• _REQUIRED WORK_
Print every entry word for word, but omit the pictures.

*** MATERIAL FOR THIS EXERCISE ***

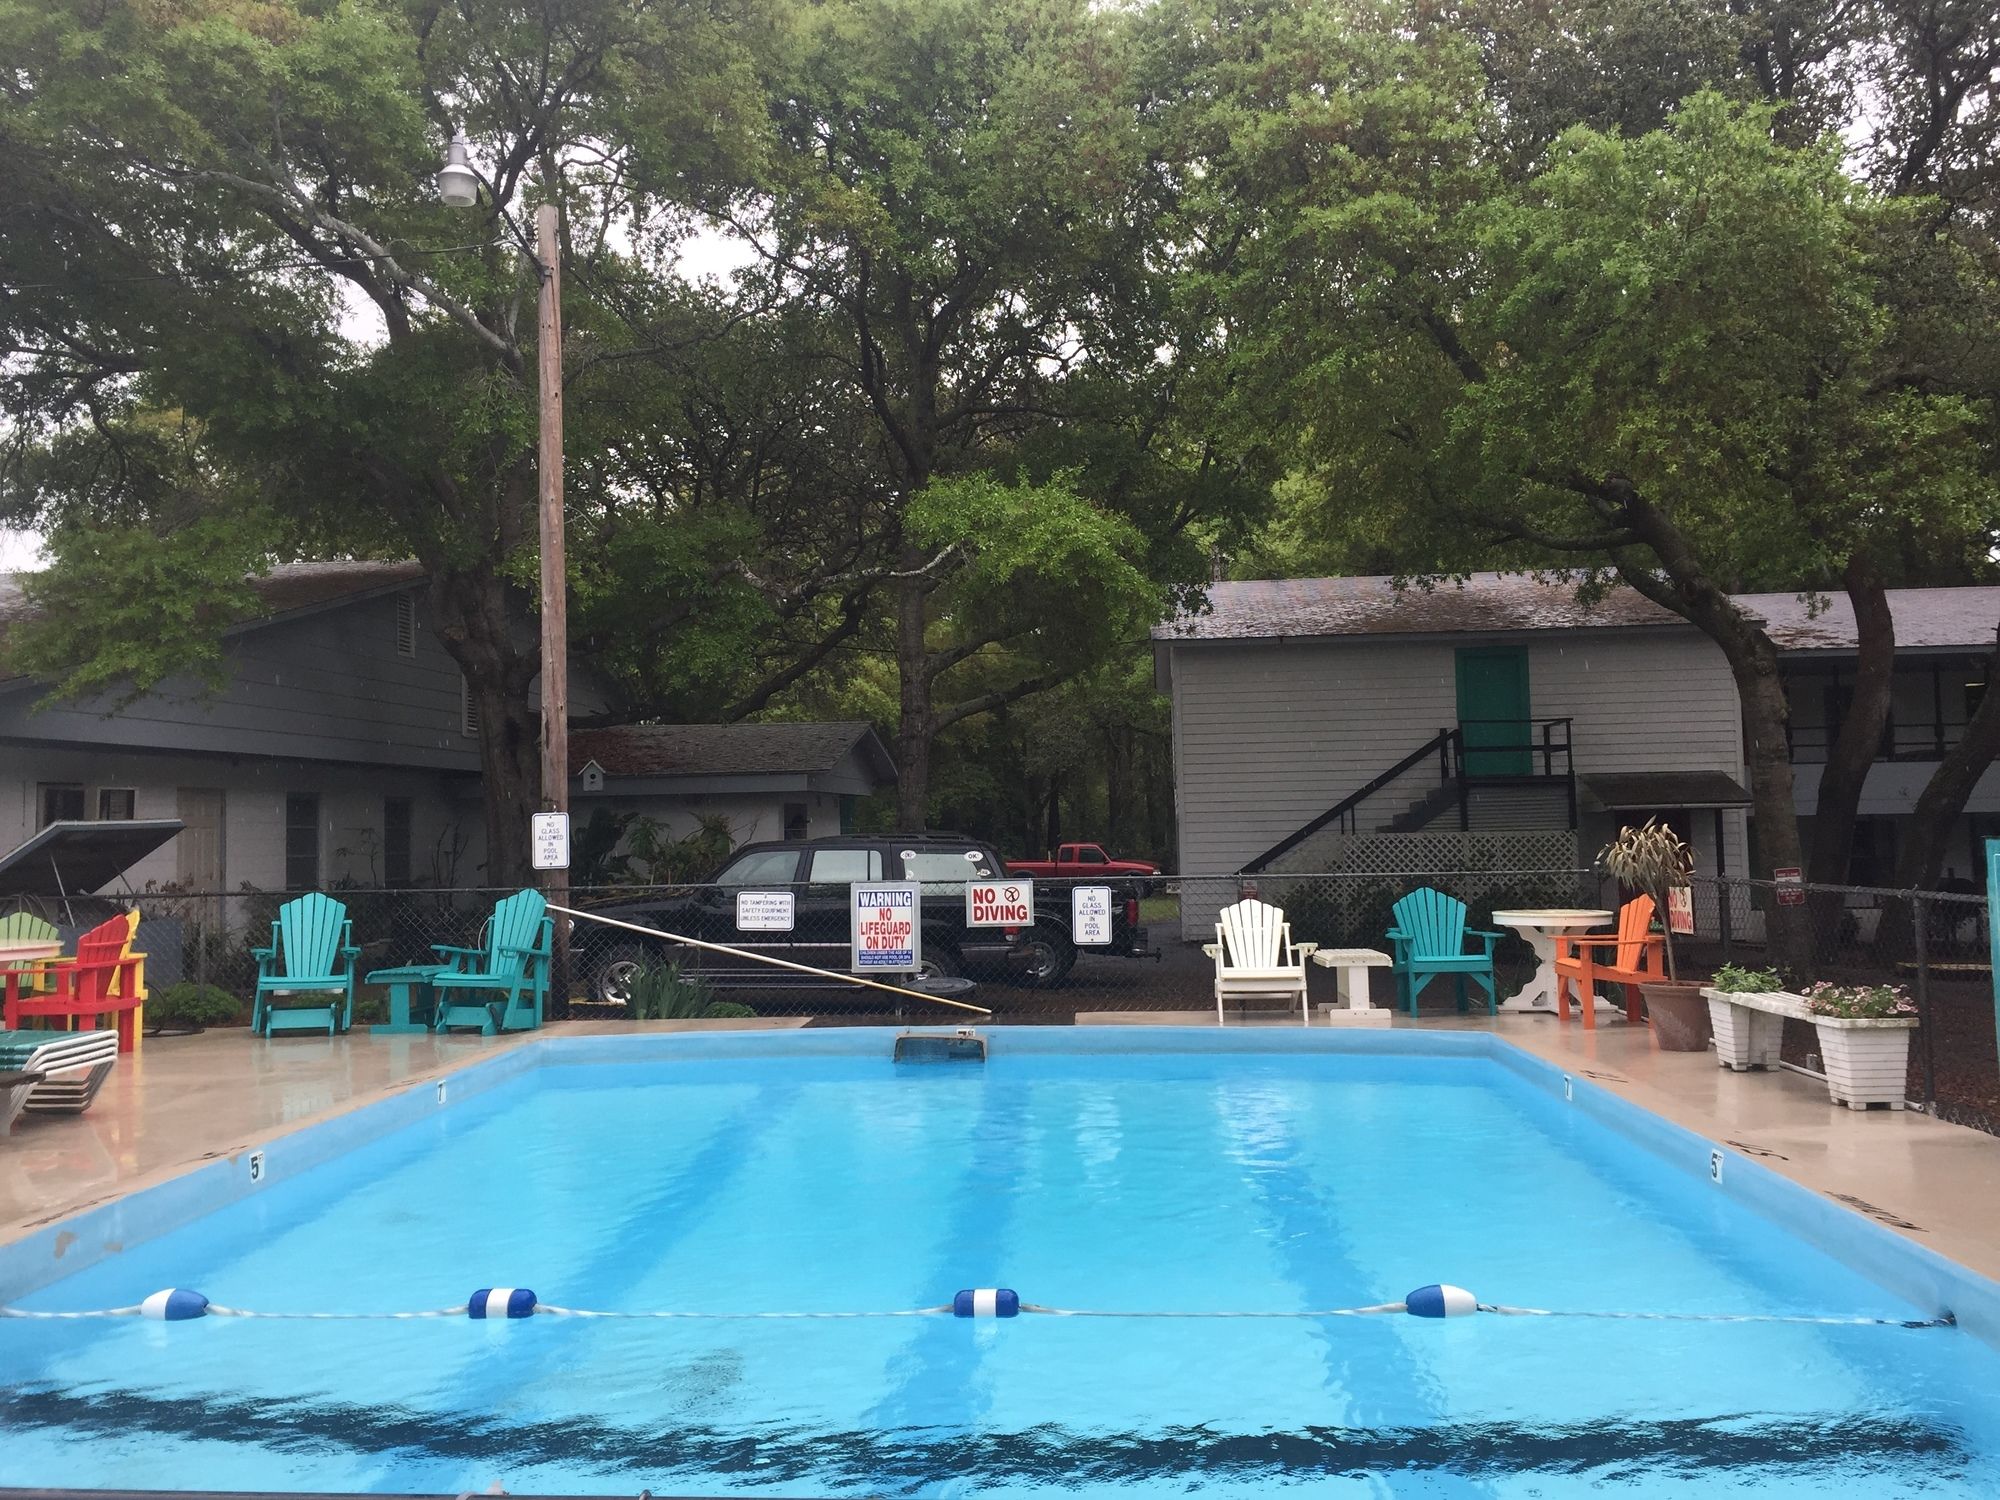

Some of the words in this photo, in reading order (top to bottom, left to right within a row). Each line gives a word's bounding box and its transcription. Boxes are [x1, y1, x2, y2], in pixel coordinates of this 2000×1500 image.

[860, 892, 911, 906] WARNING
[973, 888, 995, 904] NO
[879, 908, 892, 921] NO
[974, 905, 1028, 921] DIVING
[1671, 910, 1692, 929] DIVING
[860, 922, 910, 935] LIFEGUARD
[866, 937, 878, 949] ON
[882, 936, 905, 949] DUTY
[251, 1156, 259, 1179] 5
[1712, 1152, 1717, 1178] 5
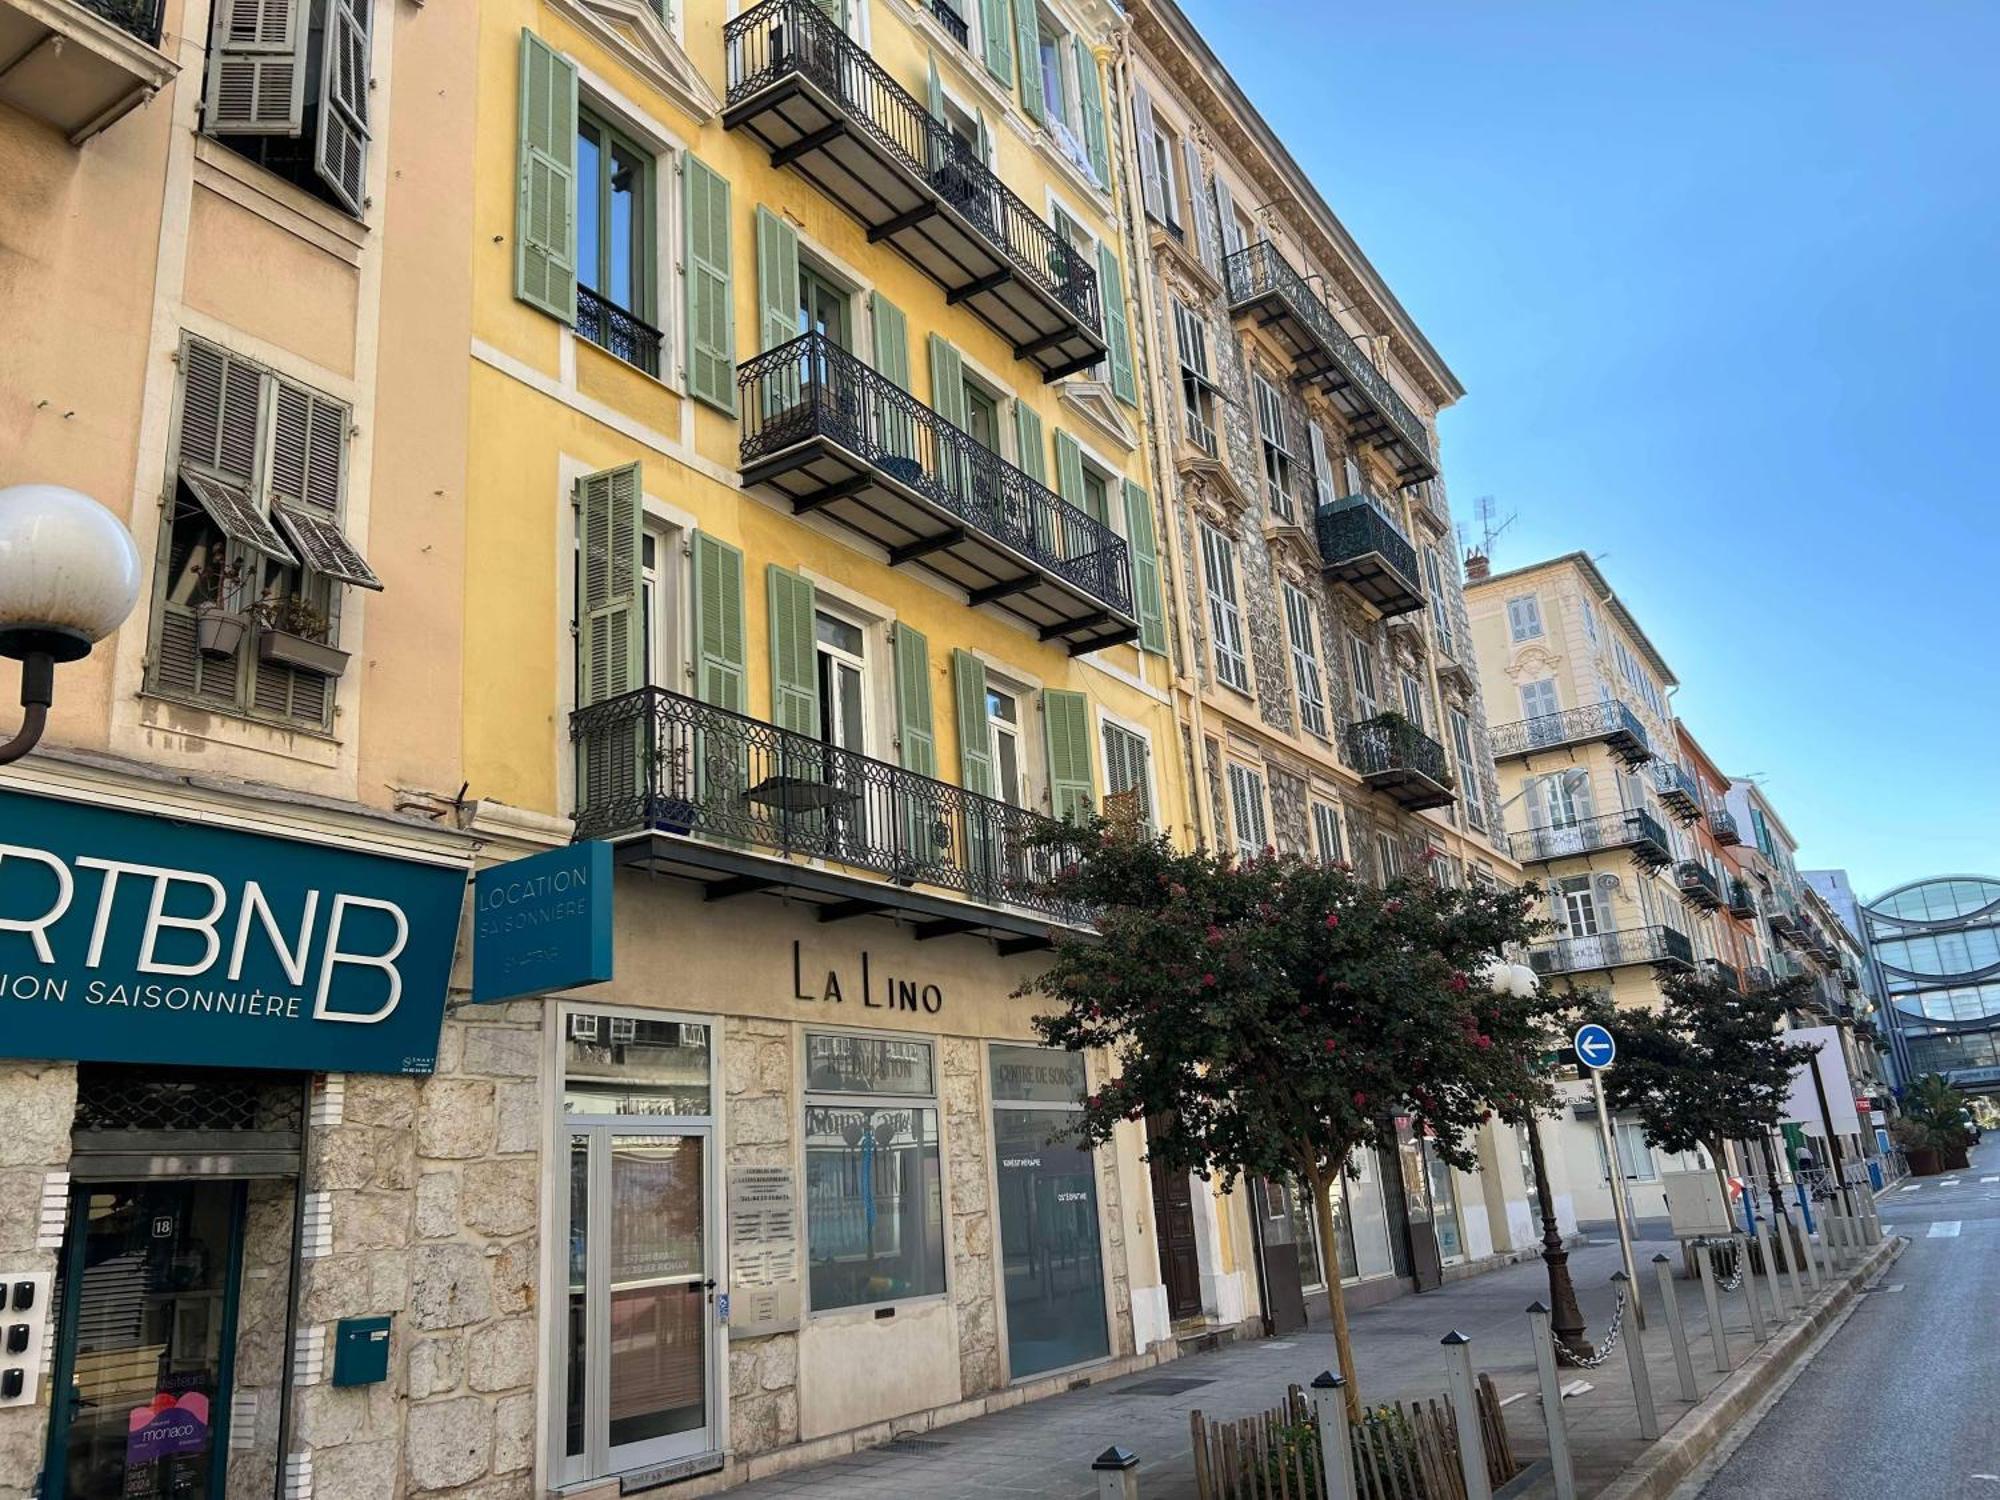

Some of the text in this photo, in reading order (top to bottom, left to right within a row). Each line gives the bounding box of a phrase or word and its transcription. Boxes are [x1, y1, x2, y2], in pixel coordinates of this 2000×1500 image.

*** End of MATERIAL FOR THIS EXERCISE ***

• _EXERCISE RESPONSE_
Some of the words in this photo, in reading order (top to bottom, left to right within a row). Each line gives a word's bounding box and its transcription. Boxes are [x1, y1, x2, y2], in pixel coordinates of this 2000×1500 image.

[860, 892, 911, 906] WARNING
[973, 888, 995, 904] NO
[879, 908, 892, 921] NO
[974, 905, 1028, 921] DIVING
[1671, 910, 1692, 929] DIVING
[860, 922, 910, 935] LIFEGUARD
[866, 937, 878, 949] ON
[882, 936, 905, 949] DUTY
[251, 1156, 259, 1179] 5
[1712, 1152, 1717, 1178] 5

Some of the text in this photo, in reading order (top to bottom, left to right within a row). Each line gives the bounding box of a phrase or word and its transcription. Boxes are [x1, y1, x2, y2], in pixel coordinates of this 2000×1500 image.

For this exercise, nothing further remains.